Market analyst at Intellidex, Peter Attard Montalto, also expressed similar views, saying that the SRD grant is likely to be extended for another year at least, in lieu of an announcement on the basic income grant in the 2022 budget speech.
Tax increases
While it is not clear how the government will fund an expanded R350 SRD grant, or a permanent basic income grant, experts and economists have indicated that it will almost certainly require tax increases.
A report published by an expert panel on basic income support in December 2021 mooted possible VAT or income tax hikes to pay for the additional costs.
A separate report by the National Economic Development and Labour Council (Nedlac) in January found that a solidarity or wealth tax could be introduced as a long-term generator, but that income tax, corporate tax, and VAT hikes would likely be needed in the short-term for the BIG to be feasible if it plans to raise additional revenue more immediately.
“Given the significance of the cost of a universal BIG, alternative sources of taxation such as those mentioned above, should be assessed for viability in financing partially or wholly the implementation of a BIG,” Nedlac said.

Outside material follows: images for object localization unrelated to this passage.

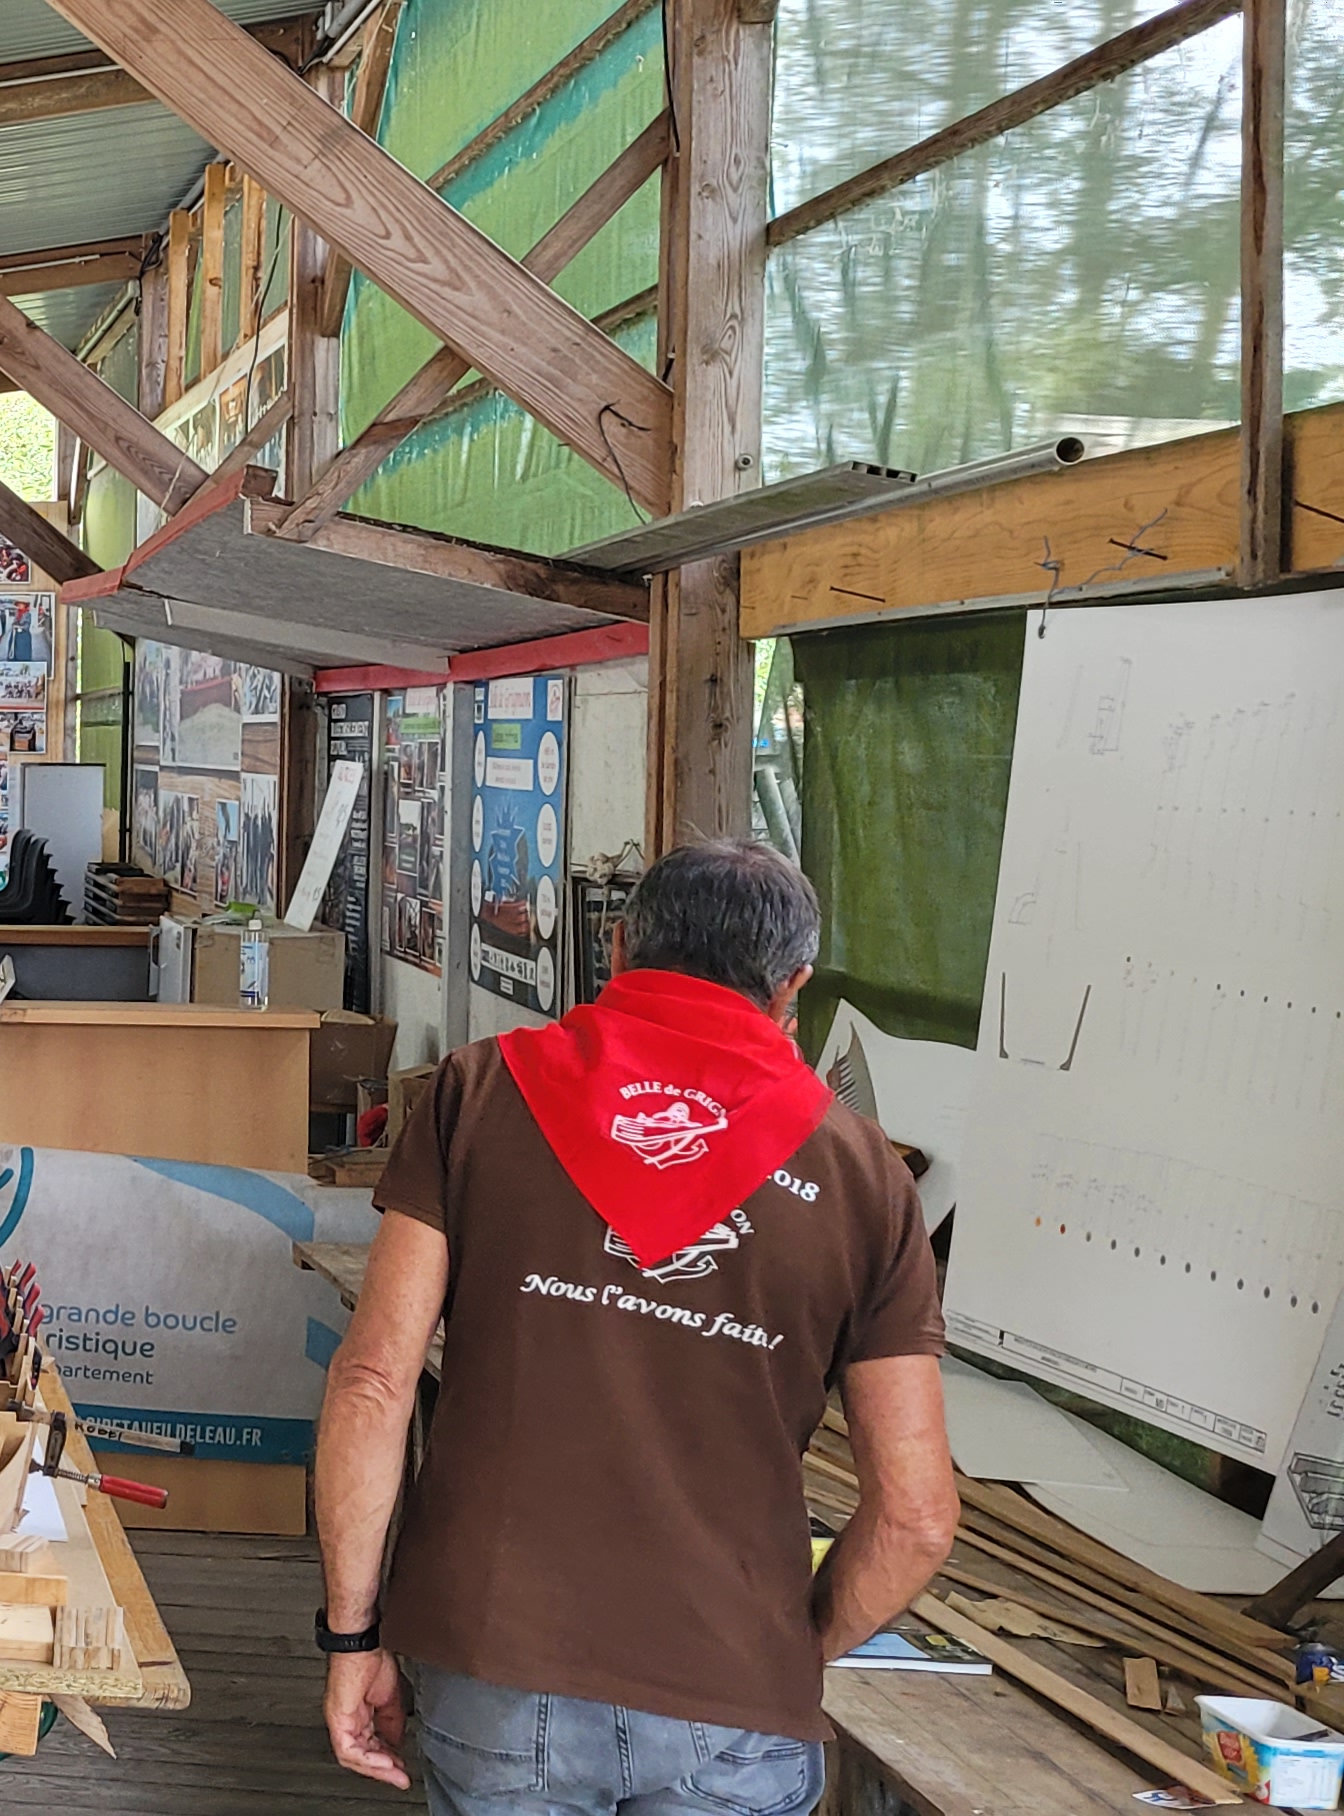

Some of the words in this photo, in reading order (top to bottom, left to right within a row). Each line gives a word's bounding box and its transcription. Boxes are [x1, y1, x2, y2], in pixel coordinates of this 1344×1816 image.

[619, 1081, 663, 1100] BELLE
[664, 1084, 682, 1097] de
[683, 1087, 726, 1117] GRIG
[766, 1169, 821, 1202] 018
[520, 1273, 598, 1304] Nous
[601, 1284, 708, 1328] l'avons
[41, 1304, 137, 1327] grande
[144, 1305, 238, 1335] boucle
[45, 1328, 156, 1361] ristique
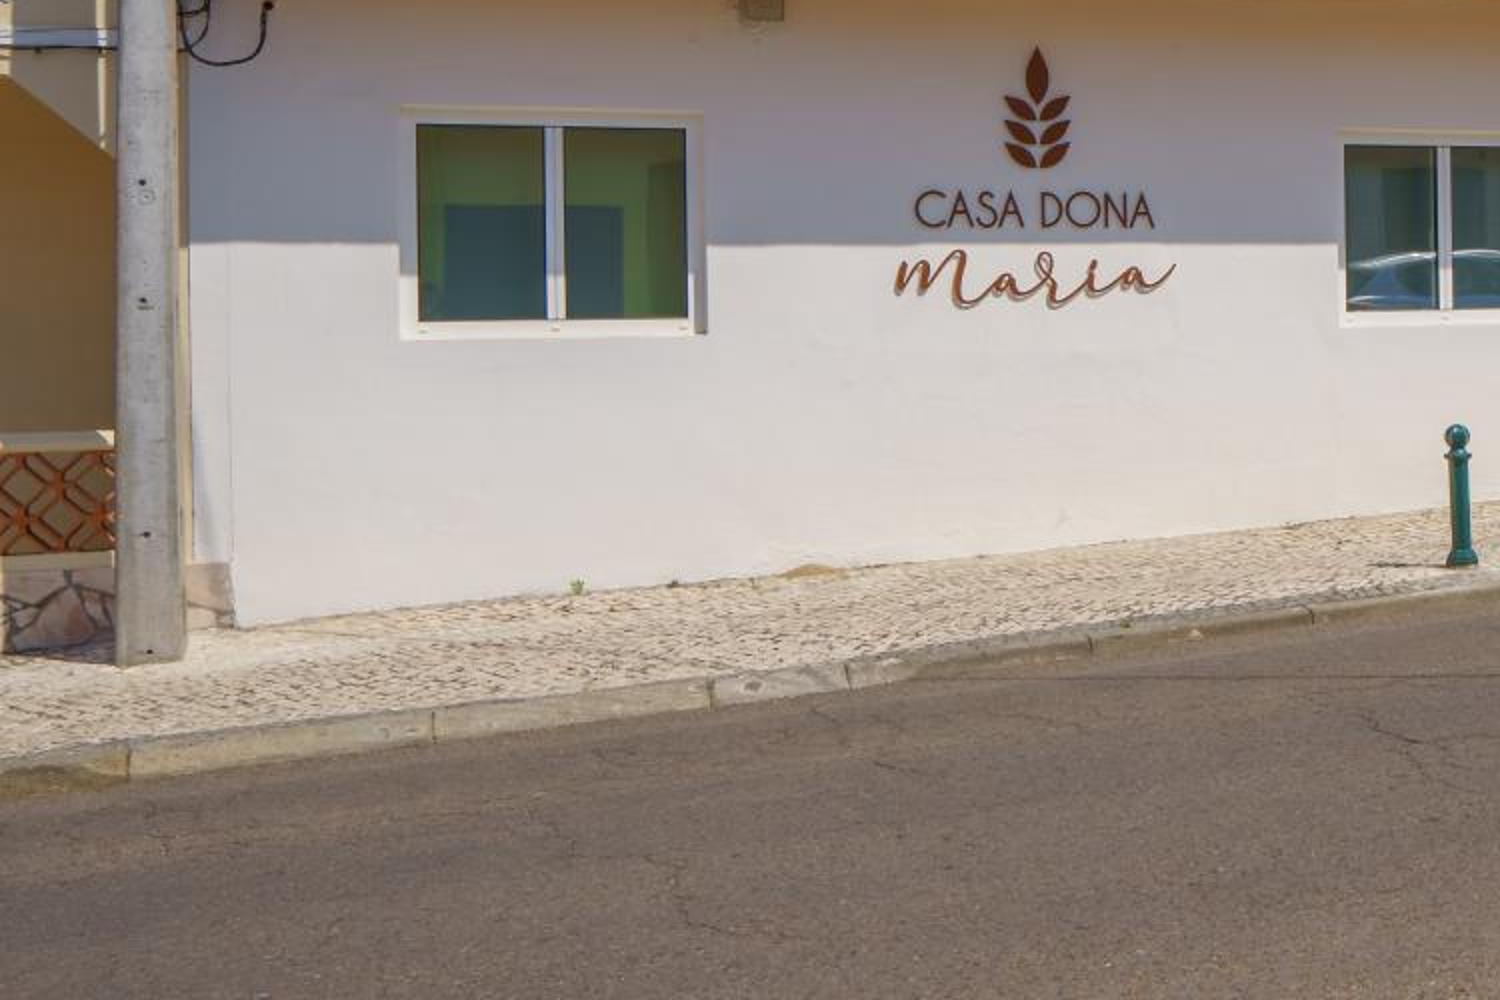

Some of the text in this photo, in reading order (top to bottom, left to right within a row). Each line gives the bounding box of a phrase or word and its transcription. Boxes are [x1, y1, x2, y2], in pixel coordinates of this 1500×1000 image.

“However, such alternative sources of taxation may only be practically implemented over the medium term, therefore PIT, CIT and VAT remain the alternatives over the short-term if the implementation of a BIG takes place within the short-term.”
A source close to the presidency told BusinessDay that no formal decision had yet been taken on financing because a BIG is likely to require an increase in VAT.
Based on various scenarios and target groups, the cost of a BIG grant could be anywhere from R95 billion (targeting the unemployed at R350 a month) to R550 billion (universal grant at R1,270) a year, even in the most optimistic circumstances.
Extending the Covid grant alone for a year would cost R35 billion, said BNP Paribas, while the full costs of a basic income grant could range between R157 billion to R519 billion a year, according to a study by Intellidex.
Nedlac’s researchers found that, if funded through personal income tax, a universal BIG at the level of the special Covid-19 Social Relief of Distress Grant (R350) would result in an approximate average increase in effective tax rates at 8.2%. Alternatively, the cost of implementing the grant can be funded through the reallocation of public expenditure, it said.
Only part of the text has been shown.